# How much shrink will you get with compaction



## cdub

I'm estimating a little dirt project and I need to know how much shrinkage I can expect with 98% compaction. For easy math, let's say I have 10cy on a truck what will I have when it's compacted?


----------



## cexcavation

I always figure at least 20% with soil. If I have a bad feeling about it, I bump it up......it all depends since soils vary so much. 10 yards would compact to 8yds or less depending. That is how I do it, but that may not be correct. I'd love to hear what other guys use for a compaction factor.


----------



## dayexco

take a sample of the soil to a soils engineering firm...have them determine your maximum dry density...go from there. anything you hear form us will be bogus, we have no clue as to what soil types, moisture contents you're dealing with....and, i'm not a soils engineer!

fwiw.....when i'm dealing with a cohesive soil...i estimate a min. of a 33-35% shrink....granulars, min. of 25%


----------



## tgeb

It really depends on the material you have.

Can you get more specific cdub?

For the most part I think C's method would work well, as would Dayexco's guidelines.


----------



## cdub

I would call the material a silty clay. The material will be excavated from bank but the pay item is compacted fill. I'm trying to calculate production knowing the loose volume of my trucks but not the compacted volume. I've searched a little and found information to support both of you.
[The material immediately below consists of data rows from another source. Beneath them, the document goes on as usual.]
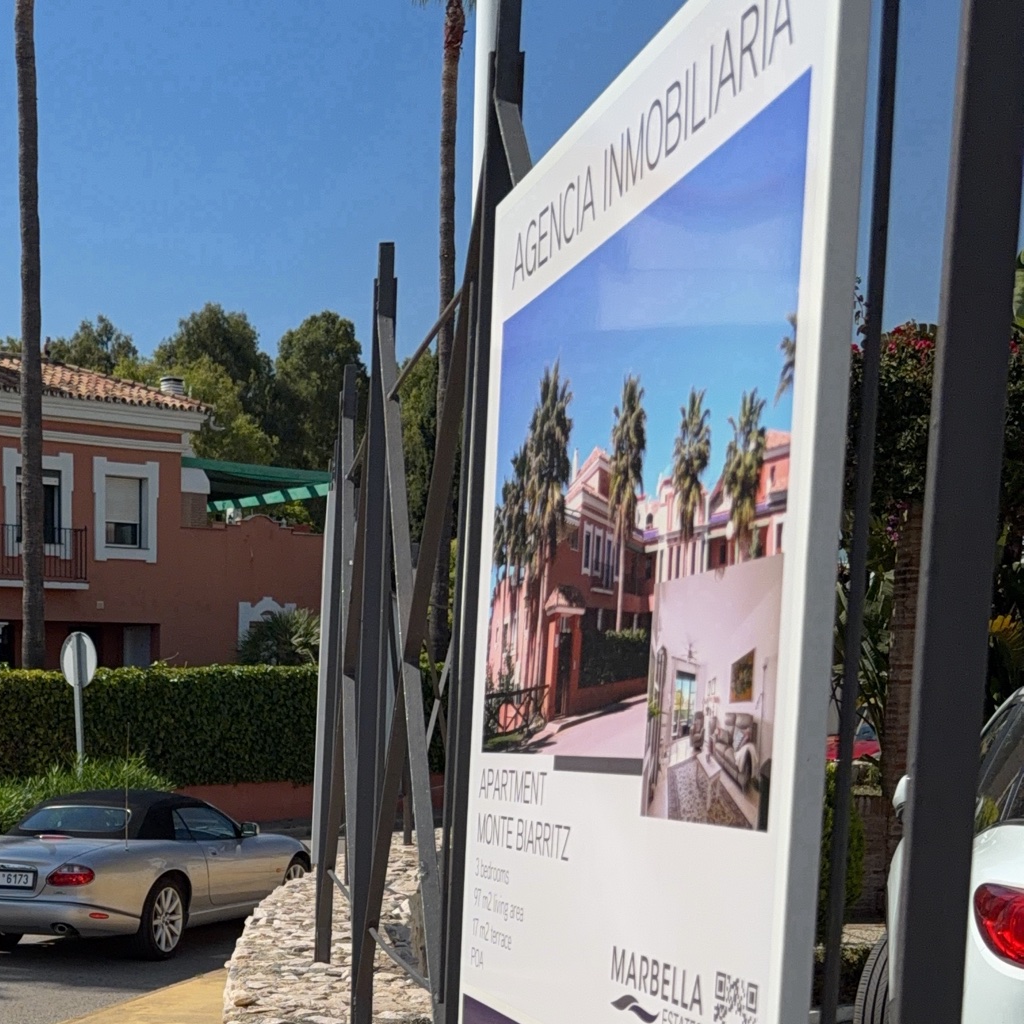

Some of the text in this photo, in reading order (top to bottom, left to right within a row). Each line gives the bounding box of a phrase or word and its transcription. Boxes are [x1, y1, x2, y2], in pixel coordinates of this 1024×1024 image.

[511, 0, 794, 291] AGENCIA INMOBILIARIA
[478, 768, 548, 806] APARTMENT
[476, 812, 571, 861] MONTE BIARRITZ
[6, 873, 29, 885] 6173
[474, 857, 510, 885] 3 bedrooms
[473, 887, 482, 907] 97
[509, 904, 525, 923] area
[490, 926, 512, 951] terrace
[610, 945, 703, 1016] MARBELLA
I realize its a soil specific factor. I was just curious what rules of thumb you guys use. I would normally call a 15 yard truck 10 compacted, but I can't remember where I came up with that.


----------



## rino1494

Obviously it depends on the soil and the moisture content, but I usually figure 25%.


----------



## denick

As day and rino said 25% for granular soils. 33% to 40% in clay soils.


----------



## rino1494

What are you building and what is your method of compaction ?? 98% seems like a pretty high standard. We recently completed a building pad for a 53,000 sq. ft. building and it called for 95% compaction. 12" lifts, we were getting about 102 with our Cat CS553 roller. 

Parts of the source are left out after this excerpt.